By: Charles M. Blow, Op-Ed Columnist, The New York Times, January 11, 2013
CPAC: The Delicate Dance Of Disassociating Oneself From “White Nationalist” Groups
Although much of the attention is on the main stage at each year’s Conservative Political Action Conference, it’s the side events where the real kookiness occurs. These events can give CPAC organizers and attendees a headache as they try to walk the line between accepting certain groups under the umbrella of the conservative movement, but also trying to make it clear they don’t want to associate themselves with some of those groups’ more questionable qualities.
Take for instance a session on the dangers of multiculturalism, that included participants from the website VDARE, which has been labeled as a white nationalist hate group by the Southern Poverty Law Center.
Rep. Steve King was one of those who had to walk the fine line. When questioned about the Southern Poverty Law Center’s description of his fellow panelists he first reacted by going on the offensive. “I wouldn’t be sitting up on a panel with anyone from the Southern Poverty Law Center,” King told reporters. “I’m not in a position to judge people in the fashion they seem to be so free to do.”
However, King then danced a delicate series of mental pirouettes. He explained his respect for VDARE’s top dog, Peter Brimelow, while holding back from a full-on embrace. Brimelow, he said, was not someone he’d met before the panel, though he had read his books.

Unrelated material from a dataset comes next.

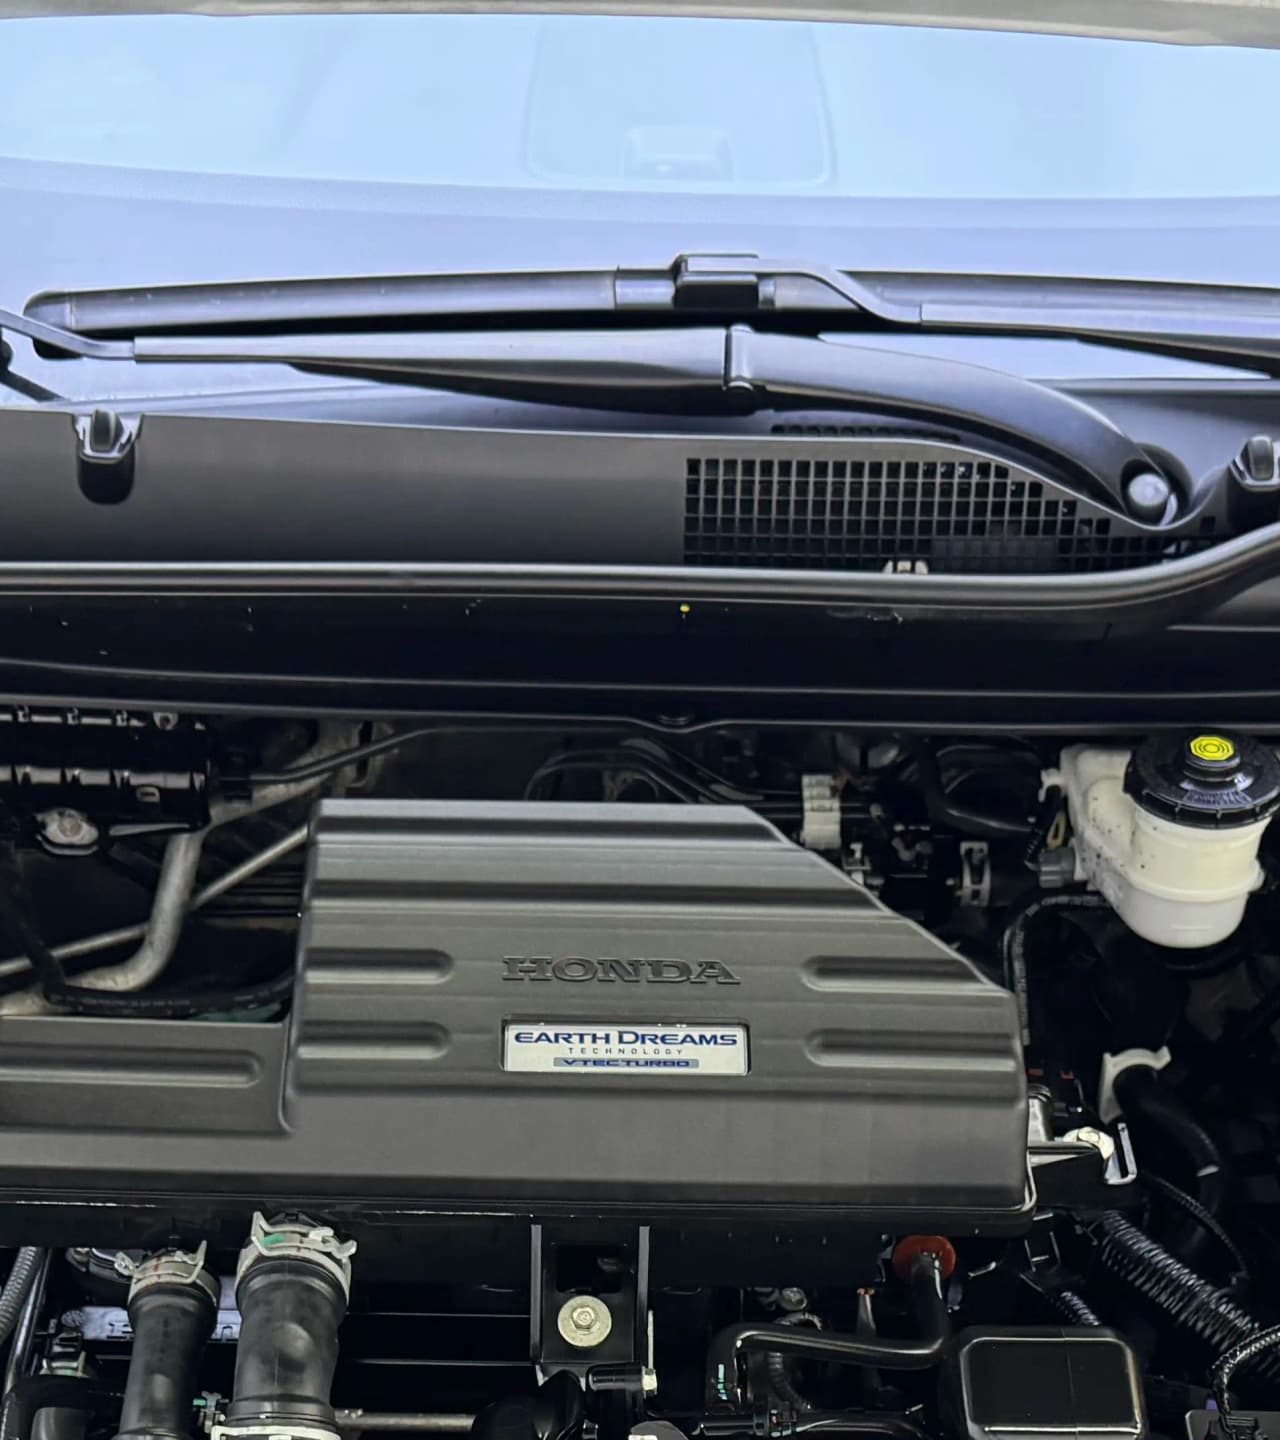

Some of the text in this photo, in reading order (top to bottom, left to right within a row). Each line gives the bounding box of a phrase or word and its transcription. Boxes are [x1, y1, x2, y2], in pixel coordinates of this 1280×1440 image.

“I just remember I’ve read his books and I put his name in my memory, and I just remember that his rationale was a rationale that I could track and I’m glad we have his voice,” he said in response to a journalist’s question about the pair’s relationship. Meanwhile, CPAC seemed to keep their distance, with a spokeswoman directing the Daily Caller’s Alex Pappas to the sponsoring organization for comment and pointing out that it wasn’t organized by the American Conservative Union.
The host of the event was officially the group ProEnglish, and their executive director, Robert Vandervoort. CPAC opened itself up to criticism in giving him a platform as well, given that he “was also the organizer of the white nationalist group, Chicagoland Friends of American Renaissance” according to the Institute for Research on Education and Human Rights.

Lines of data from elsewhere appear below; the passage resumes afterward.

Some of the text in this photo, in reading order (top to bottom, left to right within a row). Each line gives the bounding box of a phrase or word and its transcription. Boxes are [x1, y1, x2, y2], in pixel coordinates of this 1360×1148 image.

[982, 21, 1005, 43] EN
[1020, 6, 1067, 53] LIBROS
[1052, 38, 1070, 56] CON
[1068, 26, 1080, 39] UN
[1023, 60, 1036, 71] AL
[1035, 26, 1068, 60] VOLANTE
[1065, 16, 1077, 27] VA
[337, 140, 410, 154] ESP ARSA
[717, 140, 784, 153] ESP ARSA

Still, at least they got some thanks. Vandervoort praised the leaders of CPAC for “for standing up to the leftist thugs who wish to shut down this conference and our freedoms of speech and assembly.”
The panel discussion itself focused on the idea that multiculturalism and making accommodations for non-English speakers so they can do things like vote or get a public education, was a terrible thing for America to do.
Dr. Rosalie Porter, chairwoman of the board of ProEnglish and a former bilingual teacher who now thinks of bilingual education as an “insane idea,” said that part of multiculturalism is “the idea that every culture is equally valid, and one must never be judgmental and one must not say anything critical about a culture.”
Brimelow said bilingualism was “about the distribution of power in the society” and “the determination of the elites not to press immigrants to assimilate.” King was late for the panel and wasn’t even on the program, but he blended right in when he showed up, calling English the language of “success” and asking why the left was “obsessed” with multiculturalism.
Multiculturalism has even infected Republicans in the House, according to King. He recalled how an unnamed Republican leader wouldn’t let him be the floor manager of a bill he sponsored to make English the official language of the United States because he wasn’t an immigrant.
“I wanted to bring it up in the House, I was in a perfect position to do so, I had all the co-sponsors, I had worked it, I had earned it and the timing was right politically, and the answer that I got was ‘we’re looking for someone who is an immigrant or the son or daughter of an immigrant to be the floor manager of the bill’,” King said. “And the answer that I gave that unnamed leader was ‘I don’t think much of your affirmative action plan to select floor managers of bills.’ And so there’s a fear of criticism.”